→ PROBLEM REQUIREMENTS: Repeat word for word everything from the line containing "this 1280×1280 image." to the end of the listing, first and last lines included, and only that.
——
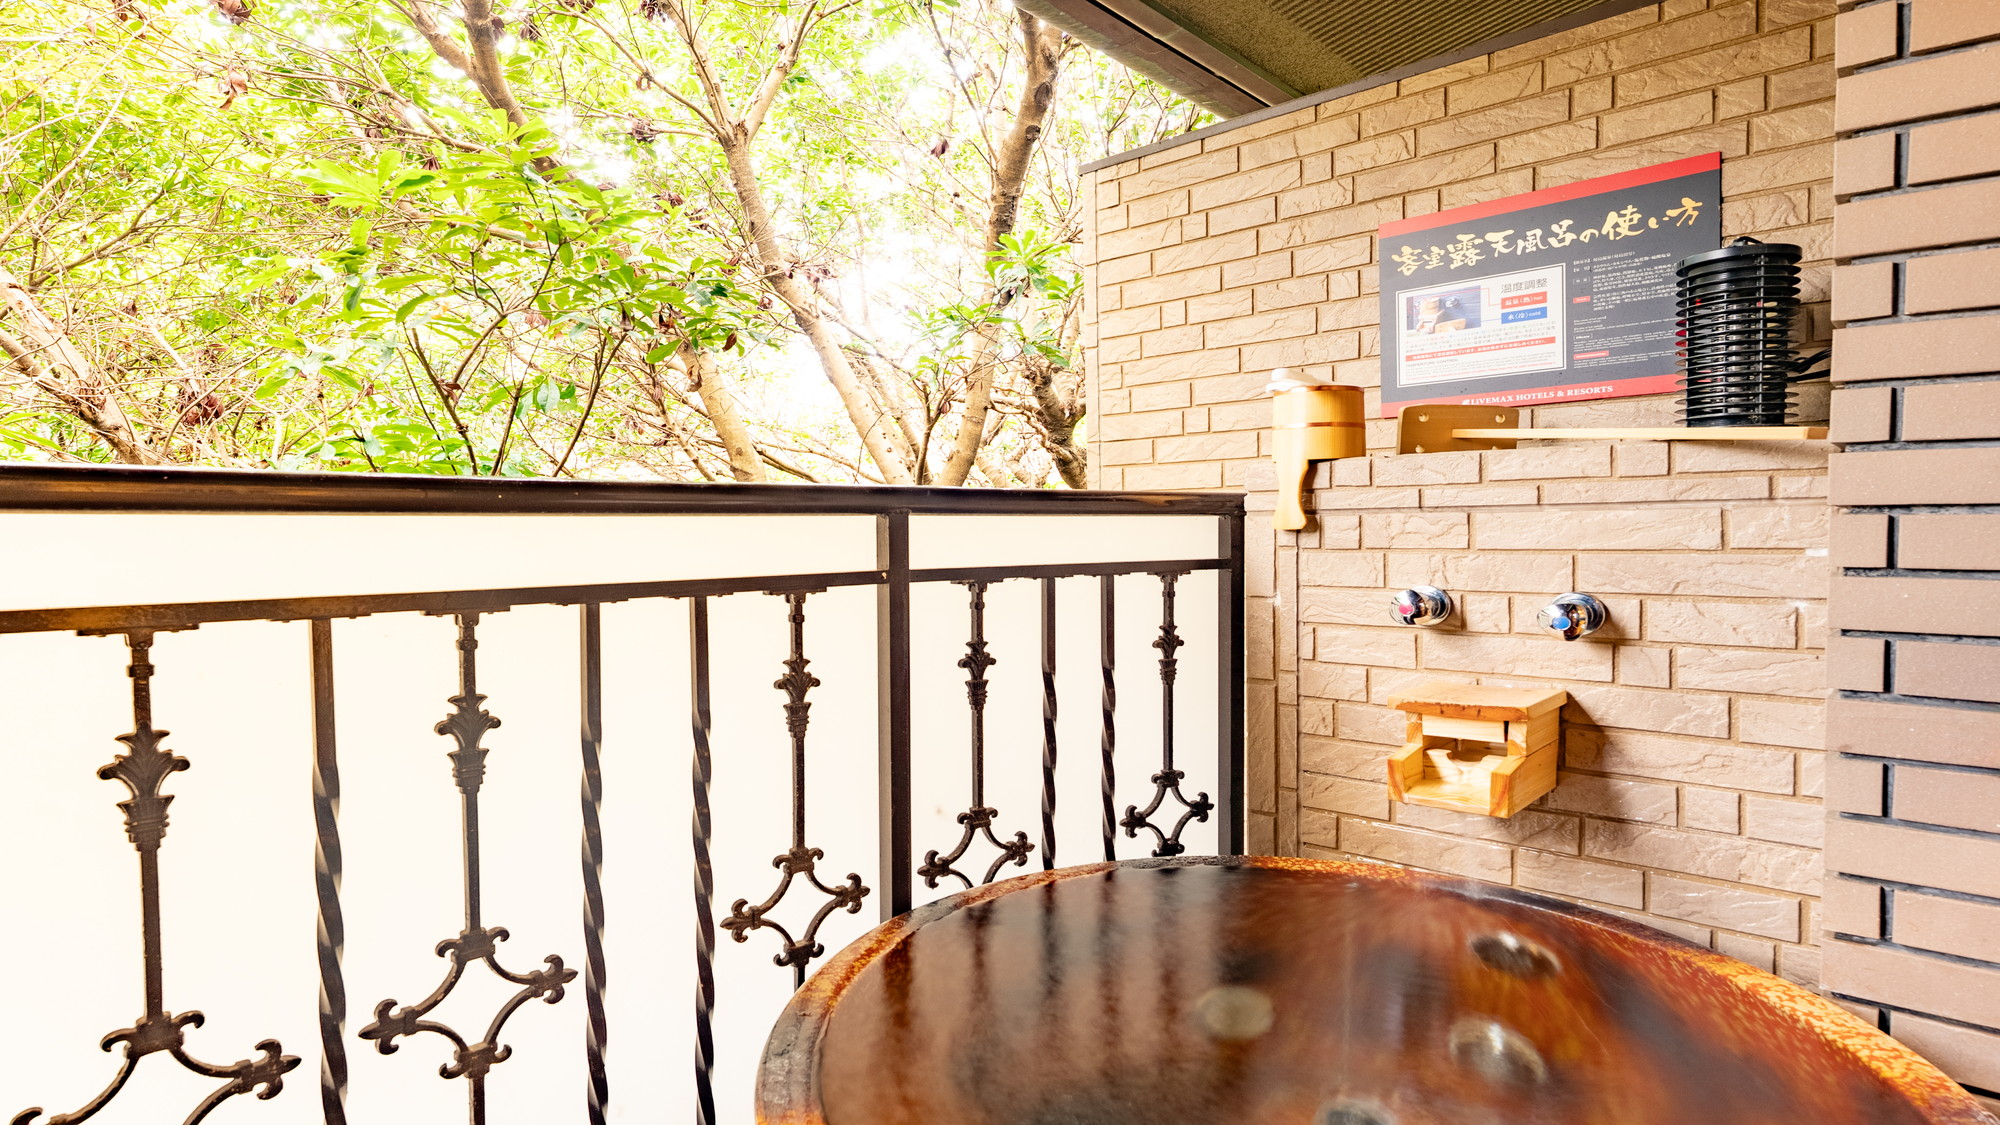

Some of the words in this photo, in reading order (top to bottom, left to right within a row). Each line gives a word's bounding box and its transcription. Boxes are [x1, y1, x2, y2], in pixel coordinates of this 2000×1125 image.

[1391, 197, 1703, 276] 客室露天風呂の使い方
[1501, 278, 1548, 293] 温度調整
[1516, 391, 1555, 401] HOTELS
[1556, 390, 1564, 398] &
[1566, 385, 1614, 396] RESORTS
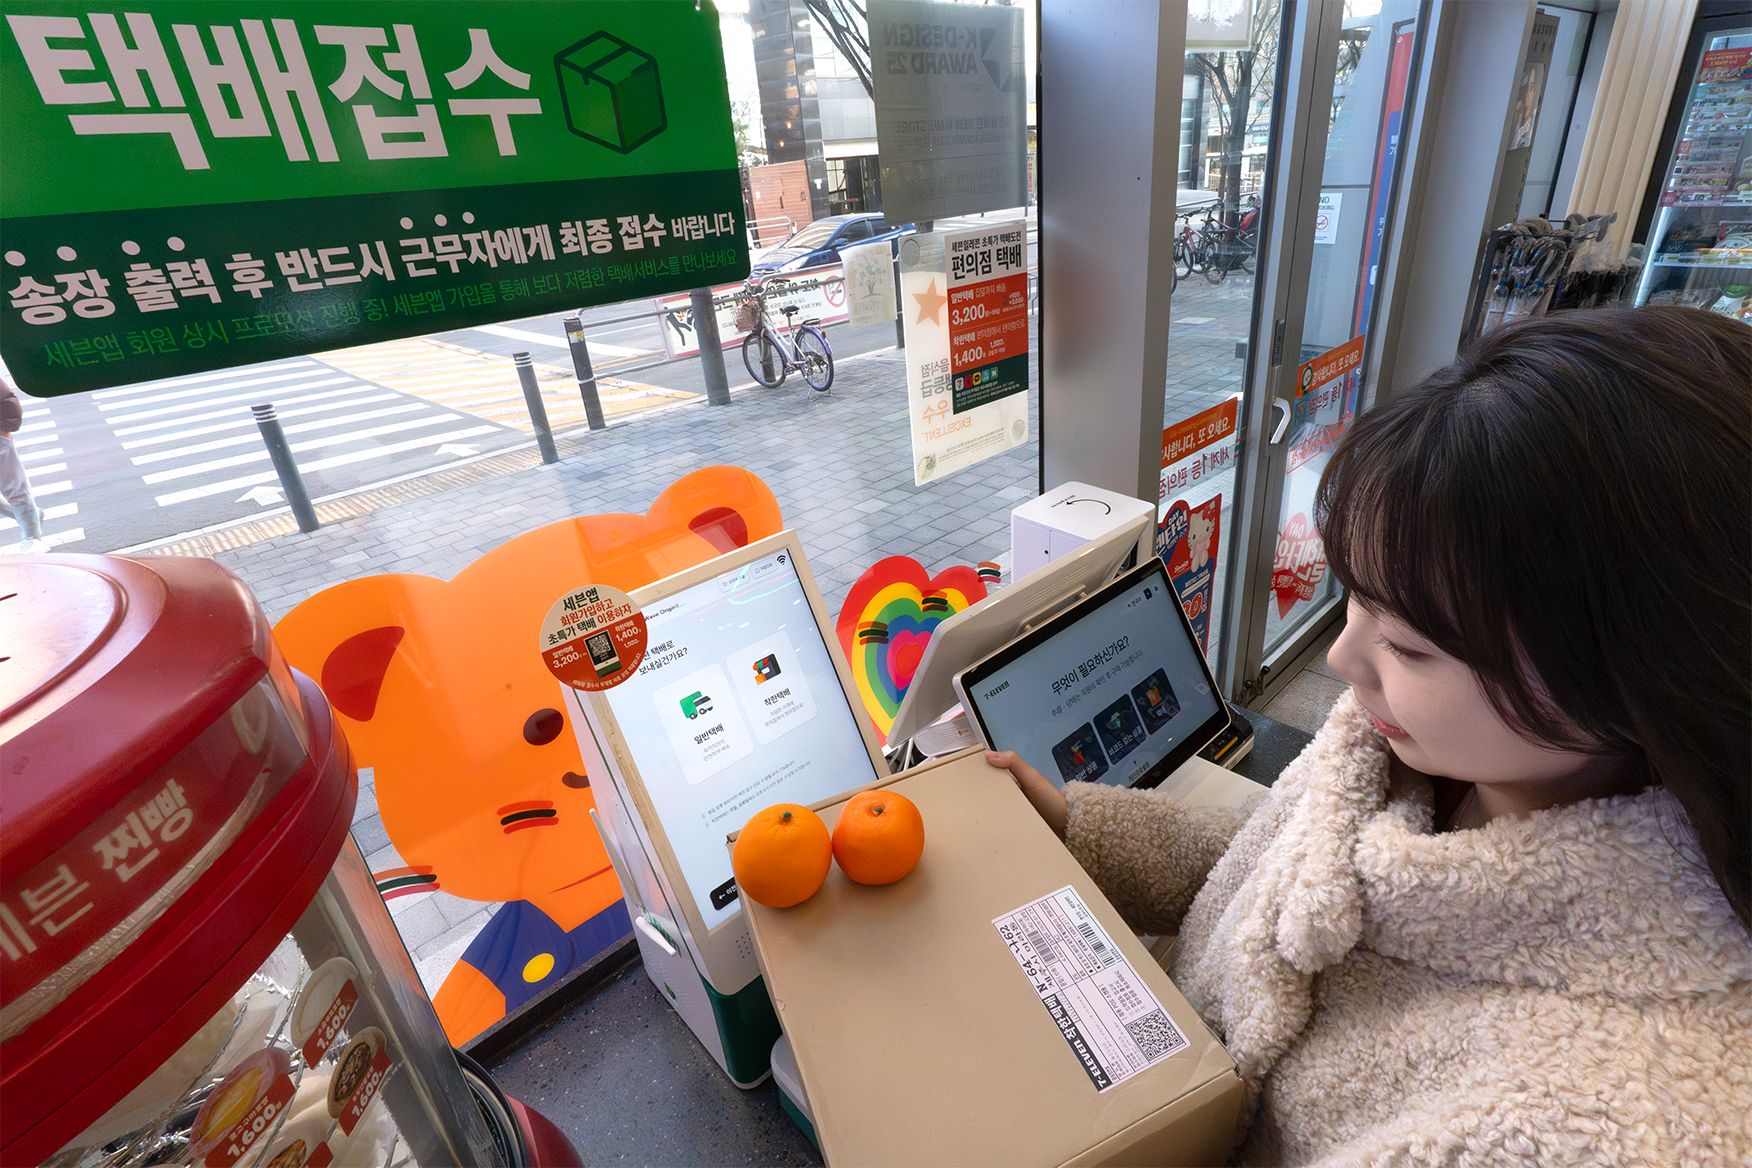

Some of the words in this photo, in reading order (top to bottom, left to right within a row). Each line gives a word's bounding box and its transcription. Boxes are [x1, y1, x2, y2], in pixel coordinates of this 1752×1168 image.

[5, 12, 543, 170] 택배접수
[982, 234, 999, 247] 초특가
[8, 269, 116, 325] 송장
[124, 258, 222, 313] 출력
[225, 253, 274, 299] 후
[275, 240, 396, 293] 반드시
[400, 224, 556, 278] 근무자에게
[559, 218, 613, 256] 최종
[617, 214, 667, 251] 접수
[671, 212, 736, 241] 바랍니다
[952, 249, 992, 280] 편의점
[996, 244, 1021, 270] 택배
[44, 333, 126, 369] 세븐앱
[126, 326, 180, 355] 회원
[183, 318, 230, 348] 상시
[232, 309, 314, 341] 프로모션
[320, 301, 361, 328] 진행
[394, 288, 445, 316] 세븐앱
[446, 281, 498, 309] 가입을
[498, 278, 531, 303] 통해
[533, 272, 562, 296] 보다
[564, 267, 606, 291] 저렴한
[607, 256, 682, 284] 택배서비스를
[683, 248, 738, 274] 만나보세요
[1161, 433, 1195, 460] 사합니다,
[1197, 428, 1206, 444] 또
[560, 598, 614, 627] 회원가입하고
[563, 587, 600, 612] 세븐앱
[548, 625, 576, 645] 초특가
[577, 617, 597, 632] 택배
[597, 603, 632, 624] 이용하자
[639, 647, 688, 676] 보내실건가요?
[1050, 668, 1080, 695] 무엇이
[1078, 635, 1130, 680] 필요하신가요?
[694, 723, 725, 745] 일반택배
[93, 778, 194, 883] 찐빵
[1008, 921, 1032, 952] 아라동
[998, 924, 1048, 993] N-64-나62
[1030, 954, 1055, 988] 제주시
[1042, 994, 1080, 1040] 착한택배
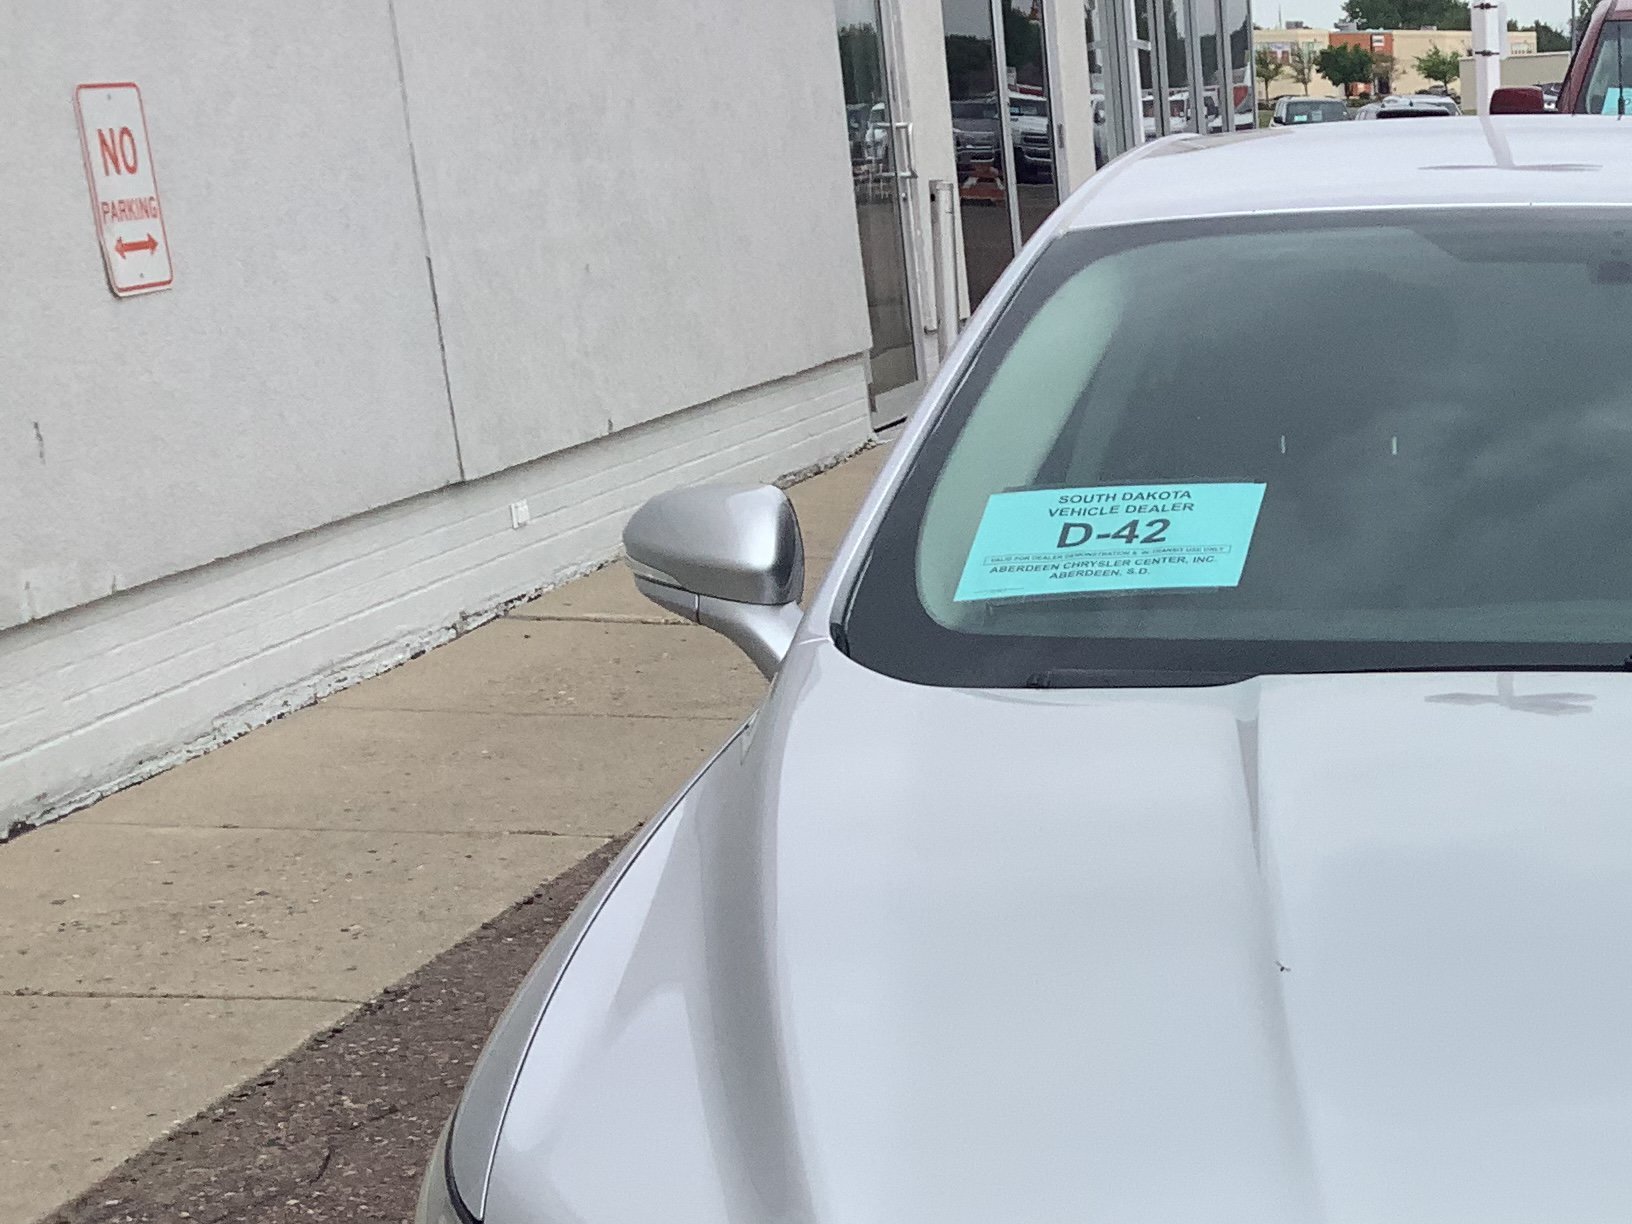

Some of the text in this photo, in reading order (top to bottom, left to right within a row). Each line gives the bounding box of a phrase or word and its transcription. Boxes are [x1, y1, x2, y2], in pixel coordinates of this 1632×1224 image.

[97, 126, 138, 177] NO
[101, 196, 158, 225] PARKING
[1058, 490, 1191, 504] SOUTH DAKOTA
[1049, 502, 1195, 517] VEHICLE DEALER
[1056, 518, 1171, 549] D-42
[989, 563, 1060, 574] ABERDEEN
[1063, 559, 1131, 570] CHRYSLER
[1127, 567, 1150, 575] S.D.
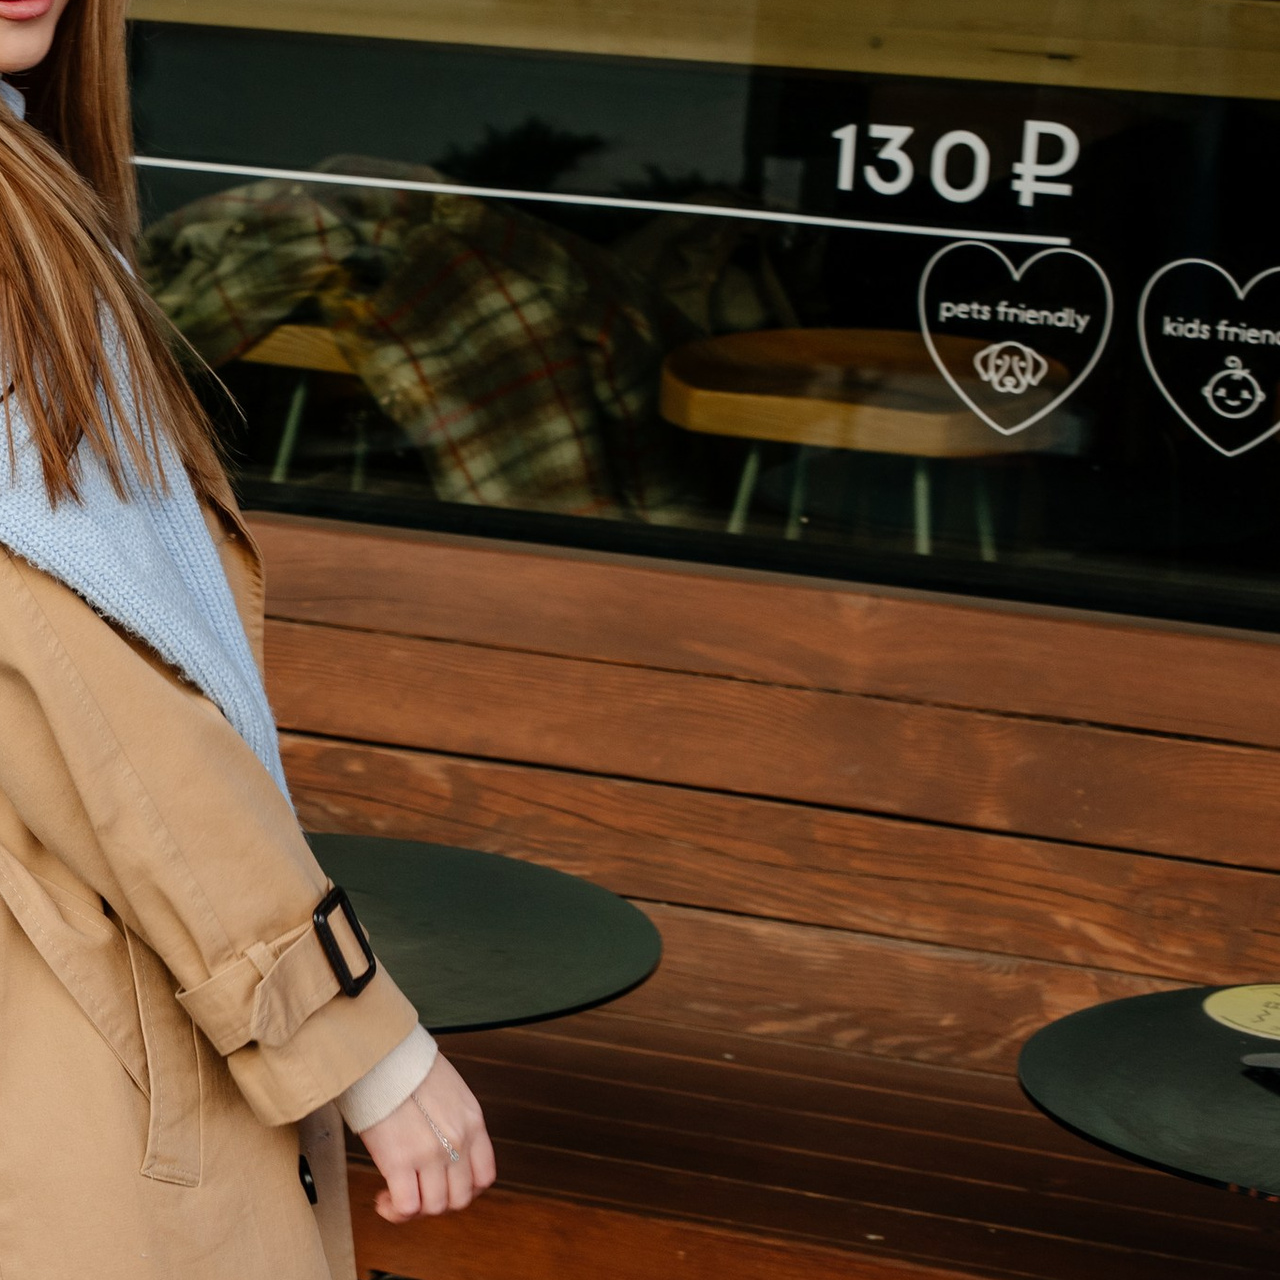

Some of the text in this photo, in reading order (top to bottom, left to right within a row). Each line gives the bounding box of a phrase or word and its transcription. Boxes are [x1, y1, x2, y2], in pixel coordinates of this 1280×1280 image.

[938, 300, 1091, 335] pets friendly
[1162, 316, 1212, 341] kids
——
→ ANSWER AREA:
Some of the text in this photo, in reading order (top to bottom, left to right within a row). Each line gives the bounding box of a phrase or word and its transcription. Boxes are [x1, y1, x2, y2], in pixel coordinates of this 1280×1280 image.

[938, 300, 1091, 335] pets friendly
[1162, 316, 1212, 341] kids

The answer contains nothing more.